Directions: Down to the last line, retype each line of the entries exactly, starting with the one that contains "this 1200×1603 image.".

Records drawn from a dataset:
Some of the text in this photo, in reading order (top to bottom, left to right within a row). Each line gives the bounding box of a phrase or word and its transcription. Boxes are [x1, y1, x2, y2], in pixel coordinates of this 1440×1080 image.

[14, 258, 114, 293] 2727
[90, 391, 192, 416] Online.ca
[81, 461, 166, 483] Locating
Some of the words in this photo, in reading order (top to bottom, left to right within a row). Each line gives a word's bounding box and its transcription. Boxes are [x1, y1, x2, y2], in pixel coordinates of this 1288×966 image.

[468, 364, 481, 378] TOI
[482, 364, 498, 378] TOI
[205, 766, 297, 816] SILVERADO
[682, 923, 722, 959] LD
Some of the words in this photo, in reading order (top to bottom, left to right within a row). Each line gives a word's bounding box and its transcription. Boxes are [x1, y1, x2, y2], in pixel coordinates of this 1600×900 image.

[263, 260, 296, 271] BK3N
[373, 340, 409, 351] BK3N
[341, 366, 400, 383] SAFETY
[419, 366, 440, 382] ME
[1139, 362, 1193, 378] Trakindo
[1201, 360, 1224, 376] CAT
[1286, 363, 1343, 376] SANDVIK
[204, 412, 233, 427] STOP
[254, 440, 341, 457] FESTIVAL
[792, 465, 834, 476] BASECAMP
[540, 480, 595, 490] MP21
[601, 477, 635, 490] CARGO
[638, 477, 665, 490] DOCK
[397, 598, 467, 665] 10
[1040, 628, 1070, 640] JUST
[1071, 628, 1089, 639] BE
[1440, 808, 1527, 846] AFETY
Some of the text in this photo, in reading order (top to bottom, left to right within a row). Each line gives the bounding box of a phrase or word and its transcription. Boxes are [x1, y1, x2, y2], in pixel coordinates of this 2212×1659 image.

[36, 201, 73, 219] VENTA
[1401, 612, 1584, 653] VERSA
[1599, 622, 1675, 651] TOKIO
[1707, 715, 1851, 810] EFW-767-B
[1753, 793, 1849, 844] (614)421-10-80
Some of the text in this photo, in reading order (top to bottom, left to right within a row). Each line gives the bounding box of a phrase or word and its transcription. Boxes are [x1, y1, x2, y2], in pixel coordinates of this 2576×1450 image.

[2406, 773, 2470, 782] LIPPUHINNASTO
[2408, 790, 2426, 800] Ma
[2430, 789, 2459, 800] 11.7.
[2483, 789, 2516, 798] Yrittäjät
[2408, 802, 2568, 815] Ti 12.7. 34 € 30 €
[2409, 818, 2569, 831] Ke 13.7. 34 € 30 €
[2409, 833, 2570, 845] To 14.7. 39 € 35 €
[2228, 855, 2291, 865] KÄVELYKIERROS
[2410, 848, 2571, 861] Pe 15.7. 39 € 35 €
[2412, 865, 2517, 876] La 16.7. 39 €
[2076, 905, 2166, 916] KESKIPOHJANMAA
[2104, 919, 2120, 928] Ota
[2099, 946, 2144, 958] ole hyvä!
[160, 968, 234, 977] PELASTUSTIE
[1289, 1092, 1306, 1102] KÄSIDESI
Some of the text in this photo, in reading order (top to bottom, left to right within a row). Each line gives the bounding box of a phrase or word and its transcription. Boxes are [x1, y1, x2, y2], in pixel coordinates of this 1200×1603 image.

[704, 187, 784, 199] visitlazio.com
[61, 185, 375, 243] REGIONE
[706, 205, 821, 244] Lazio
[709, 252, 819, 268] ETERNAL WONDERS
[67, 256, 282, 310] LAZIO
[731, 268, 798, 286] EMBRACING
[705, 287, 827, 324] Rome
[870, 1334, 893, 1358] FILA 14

Written reply:
Some of the text in this photo, in reading order (top to bottom, left to right within a row). Each line gives the bounding box of a phrase or word and its transcription. Boxes are [x1, y1, x2, y2], in pixel coordinates of this 1200×1603 image.

[704, 187, 784, 199] visitlazio.com
[61, 185, 375, 243] REGIONE
[706, 205, 821, 244] Lazio
[709, 252, 819, 268] ETERNAL WONDERS
[67, 256, 282, 310] LAZIO
[731, 268, 798, 286] EMBRACING
[705, 287, 827, 324] Rome
[870, 1334, 893, 1358] FILA 14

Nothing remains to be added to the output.